◆ WORK INSTRUCTIONS
Could you repeat every entry below word for word, leaving out the pictures?
RECORDS SHOWN START
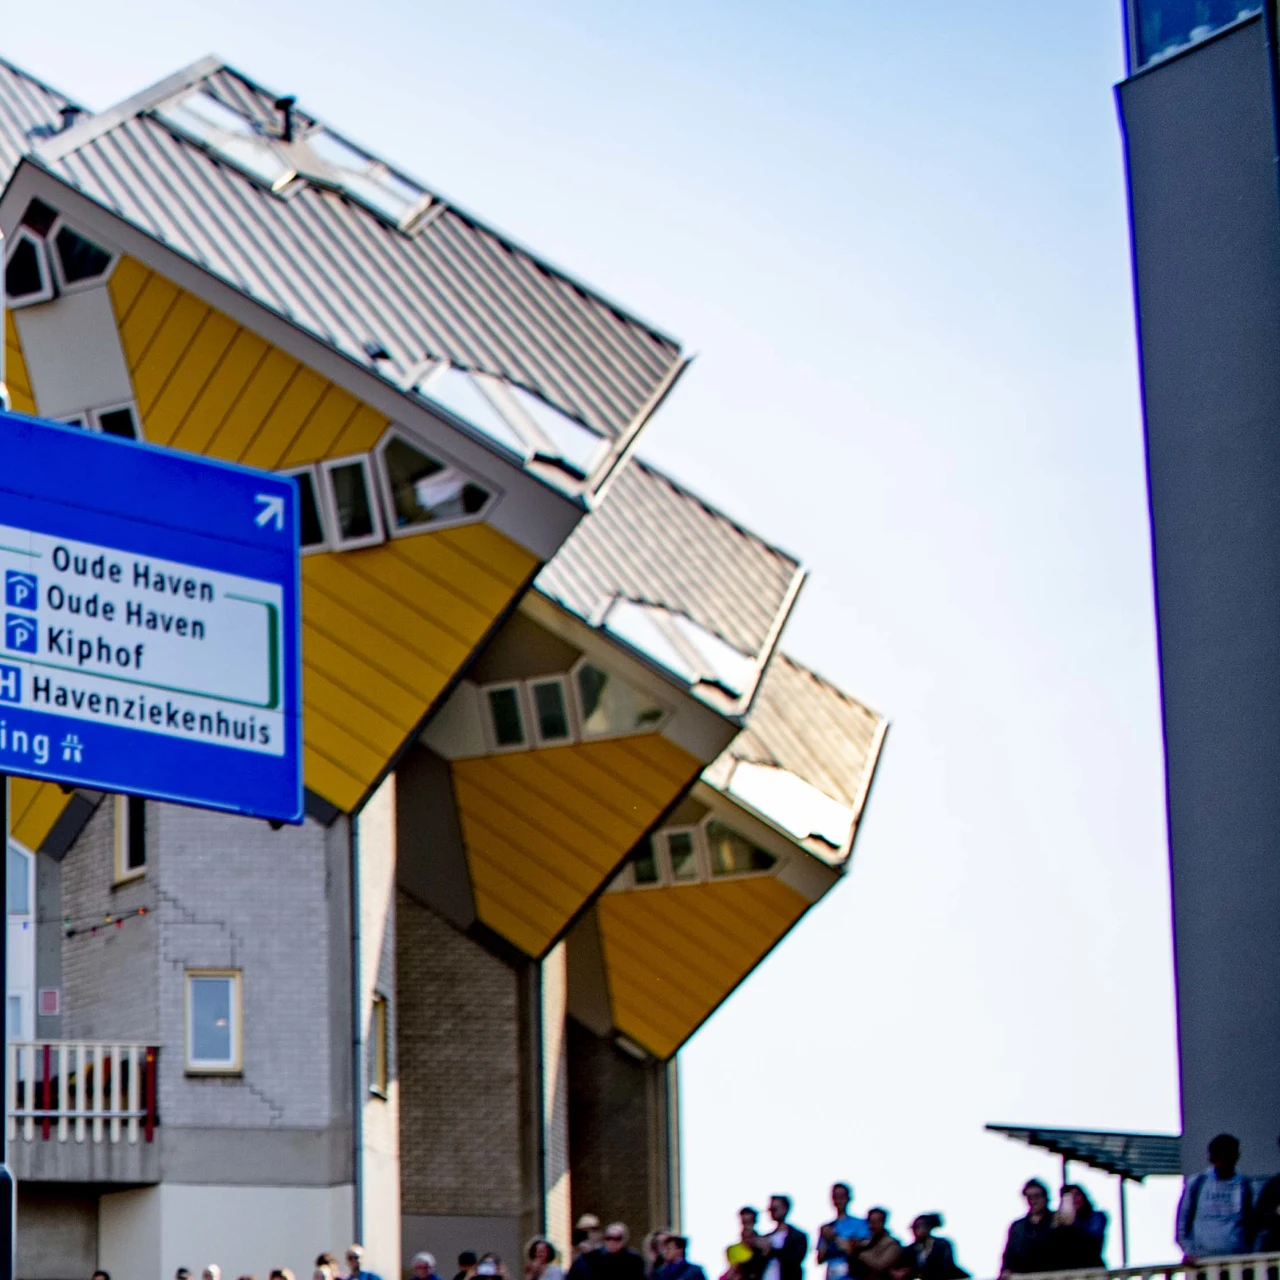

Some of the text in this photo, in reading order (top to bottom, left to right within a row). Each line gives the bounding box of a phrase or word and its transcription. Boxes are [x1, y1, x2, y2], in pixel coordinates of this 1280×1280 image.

[52, 545, 214, 603] Oude Haven
[47, 584, 115, 621] Oude
[126, 600, 205, 640] Haven
[48, 626, 144, 670] Kiphof
[33, 675, 270, 745] Havenziekenhuis
RECORDS SHOWN END
◆ ANSWER SPACE
Some of the text in this photo, in reading order (top to bottom, left to right within a row). Each line gives the bounding box of a phrase or word and its transcription. Boxes are [x1, y1, x2, y2], in pixel coordinates of this 1280×1280 image.

[52, 545, 214, 603] Oude Haven
[47, 584, 115, 621] Oude
[126, 600, 205, 640] Haven
[48, 626, 144, 670] Kiphof
[33, 675, 270, 745] Havenziekenhuis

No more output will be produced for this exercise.